Comment sélectionnez-vous les choses dans PyMOL ?
select
- Utilisation. select name, selection [, enable [, quiet [, merge [, state [, domain]
- Arguments. name=un nom unique pour la sélection. …
- Exemples. select chA, chain A select (resn his) select near142, resi 142 around 5.
- Remarques. …
- Voir aussi. …
- Plus.
Comment sélectionnez-vous les obligations dans PyMOL ?
Vous pouvez facilement créer une nouvelle liaison en sélectionnant deux atomes, chacun avec le CTRL-MIDDLE-MOUSE-BUTTON et en tapant "bond" sur la ligne de commande.
Comment sélectionner un acide aminé spécifique dans PyMOL ?

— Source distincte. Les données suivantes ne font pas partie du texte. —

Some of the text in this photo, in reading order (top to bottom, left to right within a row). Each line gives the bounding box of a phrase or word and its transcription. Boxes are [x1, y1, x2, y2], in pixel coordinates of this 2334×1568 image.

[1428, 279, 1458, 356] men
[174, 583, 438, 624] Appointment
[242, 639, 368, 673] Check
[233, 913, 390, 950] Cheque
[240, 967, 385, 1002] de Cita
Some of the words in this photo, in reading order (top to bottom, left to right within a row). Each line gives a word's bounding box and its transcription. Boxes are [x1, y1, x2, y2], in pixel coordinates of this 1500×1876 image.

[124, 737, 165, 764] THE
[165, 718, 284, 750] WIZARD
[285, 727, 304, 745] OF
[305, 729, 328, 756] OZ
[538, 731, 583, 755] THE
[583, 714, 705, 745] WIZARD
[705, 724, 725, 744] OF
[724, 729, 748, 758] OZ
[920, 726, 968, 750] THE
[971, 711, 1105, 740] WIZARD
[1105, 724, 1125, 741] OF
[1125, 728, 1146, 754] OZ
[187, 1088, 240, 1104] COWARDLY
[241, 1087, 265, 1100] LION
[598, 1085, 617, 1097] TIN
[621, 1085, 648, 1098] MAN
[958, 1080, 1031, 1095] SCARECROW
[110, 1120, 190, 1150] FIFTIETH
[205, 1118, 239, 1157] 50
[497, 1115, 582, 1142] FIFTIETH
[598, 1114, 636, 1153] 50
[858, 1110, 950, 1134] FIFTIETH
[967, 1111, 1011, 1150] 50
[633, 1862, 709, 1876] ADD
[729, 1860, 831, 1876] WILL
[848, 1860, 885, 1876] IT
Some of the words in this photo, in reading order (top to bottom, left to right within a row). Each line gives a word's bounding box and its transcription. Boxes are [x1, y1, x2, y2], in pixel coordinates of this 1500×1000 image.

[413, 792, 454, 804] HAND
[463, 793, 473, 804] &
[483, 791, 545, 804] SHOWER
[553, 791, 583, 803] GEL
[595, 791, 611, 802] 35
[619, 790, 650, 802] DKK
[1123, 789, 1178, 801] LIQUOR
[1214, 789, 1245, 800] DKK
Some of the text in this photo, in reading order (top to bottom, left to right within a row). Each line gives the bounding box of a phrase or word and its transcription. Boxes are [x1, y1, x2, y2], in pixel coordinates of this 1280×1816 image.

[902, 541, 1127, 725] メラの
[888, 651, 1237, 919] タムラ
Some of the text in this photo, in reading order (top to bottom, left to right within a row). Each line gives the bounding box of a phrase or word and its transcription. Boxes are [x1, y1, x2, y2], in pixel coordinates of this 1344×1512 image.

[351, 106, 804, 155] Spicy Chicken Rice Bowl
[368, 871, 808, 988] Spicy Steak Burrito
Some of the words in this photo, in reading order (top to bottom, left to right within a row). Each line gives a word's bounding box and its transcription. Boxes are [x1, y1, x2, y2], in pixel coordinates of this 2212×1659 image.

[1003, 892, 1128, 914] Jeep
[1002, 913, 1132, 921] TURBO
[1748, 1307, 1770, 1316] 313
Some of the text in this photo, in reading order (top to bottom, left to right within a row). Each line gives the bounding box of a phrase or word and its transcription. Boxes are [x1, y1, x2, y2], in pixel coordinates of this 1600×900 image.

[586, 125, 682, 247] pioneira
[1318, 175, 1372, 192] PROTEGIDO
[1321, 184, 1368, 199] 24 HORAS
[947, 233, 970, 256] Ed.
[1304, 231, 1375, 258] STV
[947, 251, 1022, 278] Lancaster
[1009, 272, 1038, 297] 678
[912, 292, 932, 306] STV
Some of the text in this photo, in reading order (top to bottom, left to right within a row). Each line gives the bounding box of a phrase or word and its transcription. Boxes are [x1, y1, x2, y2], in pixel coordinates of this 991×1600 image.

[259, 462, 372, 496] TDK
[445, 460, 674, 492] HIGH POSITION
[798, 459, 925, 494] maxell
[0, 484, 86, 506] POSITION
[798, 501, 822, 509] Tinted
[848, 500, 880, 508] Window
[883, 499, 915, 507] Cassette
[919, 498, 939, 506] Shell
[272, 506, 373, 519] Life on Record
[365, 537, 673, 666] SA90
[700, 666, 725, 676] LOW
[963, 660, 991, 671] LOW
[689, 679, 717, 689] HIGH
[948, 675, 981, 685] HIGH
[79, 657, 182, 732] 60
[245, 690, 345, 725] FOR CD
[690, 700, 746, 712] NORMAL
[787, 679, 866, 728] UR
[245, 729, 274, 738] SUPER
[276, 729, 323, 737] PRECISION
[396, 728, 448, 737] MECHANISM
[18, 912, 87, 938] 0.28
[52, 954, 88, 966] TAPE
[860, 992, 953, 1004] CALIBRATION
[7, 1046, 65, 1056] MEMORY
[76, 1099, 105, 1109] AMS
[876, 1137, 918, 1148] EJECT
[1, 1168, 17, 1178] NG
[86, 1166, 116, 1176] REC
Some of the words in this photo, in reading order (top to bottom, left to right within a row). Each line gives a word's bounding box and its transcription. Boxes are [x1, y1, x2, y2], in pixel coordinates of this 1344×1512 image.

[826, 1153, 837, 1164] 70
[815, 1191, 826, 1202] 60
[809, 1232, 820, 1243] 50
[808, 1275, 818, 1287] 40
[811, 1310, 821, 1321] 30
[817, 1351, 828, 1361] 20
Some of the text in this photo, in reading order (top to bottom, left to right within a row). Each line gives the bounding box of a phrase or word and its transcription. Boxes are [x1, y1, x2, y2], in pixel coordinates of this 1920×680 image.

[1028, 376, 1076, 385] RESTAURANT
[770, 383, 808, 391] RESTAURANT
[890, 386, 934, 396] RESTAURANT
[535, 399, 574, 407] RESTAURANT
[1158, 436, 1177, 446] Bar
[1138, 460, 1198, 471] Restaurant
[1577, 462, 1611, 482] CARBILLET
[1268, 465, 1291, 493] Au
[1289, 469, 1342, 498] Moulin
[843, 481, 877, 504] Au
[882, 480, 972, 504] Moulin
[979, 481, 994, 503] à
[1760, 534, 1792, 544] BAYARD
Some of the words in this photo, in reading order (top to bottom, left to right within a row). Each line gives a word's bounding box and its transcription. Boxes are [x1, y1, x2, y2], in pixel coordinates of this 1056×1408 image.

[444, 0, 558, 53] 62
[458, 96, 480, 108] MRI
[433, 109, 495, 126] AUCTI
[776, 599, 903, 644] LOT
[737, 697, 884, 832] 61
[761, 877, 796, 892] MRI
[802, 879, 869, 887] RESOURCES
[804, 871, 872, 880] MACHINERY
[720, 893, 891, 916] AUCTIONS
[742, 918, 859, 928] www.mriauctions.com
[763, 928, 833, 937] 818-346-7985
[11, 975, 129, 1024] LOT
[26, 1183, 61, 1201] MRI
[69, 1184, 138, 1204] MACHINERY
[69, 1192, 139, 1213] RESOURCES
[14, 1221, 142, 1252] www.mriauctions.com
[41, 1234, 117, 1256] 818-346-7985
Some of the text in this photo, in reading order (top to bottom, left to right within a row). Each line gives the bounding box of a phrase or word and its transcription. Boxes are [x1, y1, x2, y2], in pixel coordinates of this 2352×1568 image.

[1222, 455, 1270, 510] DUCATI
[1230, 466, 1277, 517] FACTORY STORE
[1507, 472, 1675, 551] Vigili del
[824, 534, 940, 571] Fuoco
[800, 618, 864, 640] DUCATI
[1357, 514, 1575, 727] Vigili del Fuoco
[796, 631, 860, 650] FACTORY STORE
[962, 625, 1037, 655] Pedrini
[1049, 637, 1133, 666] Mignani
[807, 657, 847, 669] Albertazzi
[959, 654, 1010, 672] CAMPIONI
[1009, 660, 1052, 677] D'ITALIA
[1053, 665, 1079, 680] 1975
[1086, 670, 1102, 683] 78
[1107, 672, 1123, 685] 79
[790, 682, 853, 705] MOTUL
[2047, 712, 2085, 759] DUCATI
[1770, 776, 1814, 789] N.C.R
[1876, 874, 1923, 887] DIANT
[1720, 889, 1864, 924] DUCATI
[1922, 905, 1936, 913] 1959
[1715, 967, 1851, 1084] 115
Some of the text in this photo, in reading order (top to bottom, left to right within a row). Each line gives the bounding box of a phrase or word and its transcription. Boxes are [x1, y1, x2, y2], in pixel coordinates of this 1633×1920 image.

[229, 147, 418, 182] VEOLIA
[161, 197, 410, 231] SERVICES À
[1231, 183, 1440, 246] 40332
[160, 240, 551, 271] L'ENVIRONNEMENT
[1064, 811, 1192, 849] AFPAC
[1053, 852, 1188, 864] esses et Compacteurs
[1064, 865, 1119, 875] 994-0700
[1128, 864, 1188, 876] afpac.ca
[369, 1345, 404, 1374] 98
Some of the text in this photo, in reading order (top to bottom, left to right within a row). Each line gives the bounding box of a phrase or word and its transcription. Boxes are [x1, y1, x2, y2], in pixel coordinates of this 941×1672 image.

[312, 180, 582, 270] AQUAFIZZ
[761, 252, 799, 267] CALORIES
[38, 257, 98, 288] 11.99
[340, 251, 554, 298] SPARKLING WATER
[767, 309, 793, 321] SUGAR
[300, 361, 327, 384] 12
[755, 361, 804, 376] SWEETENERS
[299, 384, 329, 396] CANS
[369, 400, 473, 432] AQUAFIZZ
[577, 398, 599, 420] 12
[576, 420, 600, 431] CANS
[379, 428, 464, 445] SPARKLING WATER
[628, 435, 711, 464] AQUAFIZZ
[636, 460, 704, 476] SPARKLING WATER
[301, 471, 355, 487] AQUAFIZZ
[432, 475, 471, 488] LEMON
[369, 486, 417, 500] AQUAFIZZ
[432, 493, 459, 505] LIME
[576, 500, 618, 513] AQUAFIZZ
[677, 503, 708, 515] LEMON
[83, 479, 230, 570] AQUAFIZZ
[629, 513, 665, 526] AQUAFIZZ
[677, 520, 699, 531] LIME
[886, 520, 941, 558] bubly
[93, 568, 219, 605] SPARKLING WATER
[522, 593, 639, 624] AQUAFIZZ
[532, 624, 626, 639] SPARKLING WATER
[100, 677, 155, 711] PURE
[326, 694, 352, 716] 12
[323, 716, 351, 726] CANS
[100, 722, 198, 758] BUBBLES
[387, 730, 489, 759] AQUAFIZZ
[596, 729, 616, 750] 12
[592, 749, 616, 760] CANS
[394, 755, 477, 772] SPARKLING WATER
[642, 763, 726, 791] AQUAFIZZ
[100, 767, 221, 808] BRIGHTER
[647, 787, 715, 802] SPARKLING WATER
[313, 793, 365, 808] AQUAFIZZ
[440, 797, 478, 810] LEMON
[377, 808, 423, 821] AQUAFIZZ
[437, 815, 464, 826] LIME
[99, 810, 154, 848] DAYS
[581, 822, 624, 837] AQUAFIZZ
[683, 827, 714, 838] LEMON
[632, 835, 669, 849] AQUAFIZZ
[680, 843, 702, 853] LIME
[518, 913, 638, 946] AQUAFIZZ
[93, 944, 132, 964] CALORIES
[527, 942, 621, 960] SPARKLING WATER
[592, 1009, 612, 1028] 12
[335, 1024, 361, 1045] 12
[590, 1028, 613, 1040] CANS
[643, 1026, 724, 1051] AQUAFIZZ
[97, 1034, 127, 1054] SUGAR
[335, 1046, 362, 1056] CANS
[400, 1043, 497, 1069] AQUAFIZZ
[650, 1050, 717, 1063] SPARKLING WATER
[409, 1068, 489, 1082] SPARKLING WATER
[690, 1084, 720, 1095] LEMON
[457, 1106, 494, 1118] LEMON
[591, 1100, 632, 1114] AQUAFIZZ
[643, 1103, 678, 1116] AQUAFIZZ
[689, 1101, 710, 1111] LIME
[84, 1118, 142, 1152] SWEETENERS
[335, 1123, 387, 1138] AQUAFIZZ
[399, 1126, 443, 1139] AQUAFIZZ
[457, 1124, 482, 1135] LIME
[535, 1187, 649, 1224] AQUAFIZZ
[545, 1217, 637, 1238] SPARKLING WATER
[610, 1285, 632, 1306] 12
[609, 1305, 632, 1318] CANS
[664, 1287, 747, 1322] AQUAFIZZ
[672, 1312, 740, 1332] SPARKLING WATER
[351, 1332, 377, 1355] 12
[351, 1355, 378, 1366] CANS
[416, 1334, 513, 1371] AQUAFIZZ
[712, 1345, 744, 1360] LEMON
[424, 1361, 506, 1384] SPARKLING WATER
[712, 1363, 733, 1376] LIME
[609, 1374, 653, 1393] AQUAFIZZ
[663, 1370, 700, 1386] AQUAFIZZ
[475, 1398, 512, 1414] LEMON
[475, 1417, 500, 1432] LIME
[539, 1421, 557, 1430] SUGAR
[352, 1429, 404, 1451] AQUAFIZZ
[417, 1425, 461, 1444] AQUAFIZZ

– sous le menu "affichage" sélectionnez "séquence activée". Une barre apparaîtra au-dessus de la structure montrant la séquence d'acides aminés de toutes les chaînes protéiques dans la fenêtre. Utilisez option-shift pour sélectionner tous les aa pour une chaîne.
Comment sélectionner une séquence dans PyMOL ?
Réponse la plus récente
- Chargez votre structure protéique en pymol.
- Cliquez sur le bouton 'S' pour charger la séquence d'acides aminés.
- Trouvez la séquence d'acides aminés que vous souhaitez afficher et sélectionnez-la.
- vous pouvez changer leur couleur ou leur mode d'apparence (tel que dessin animé, sphères, rubans, bâtons, surface, etc.)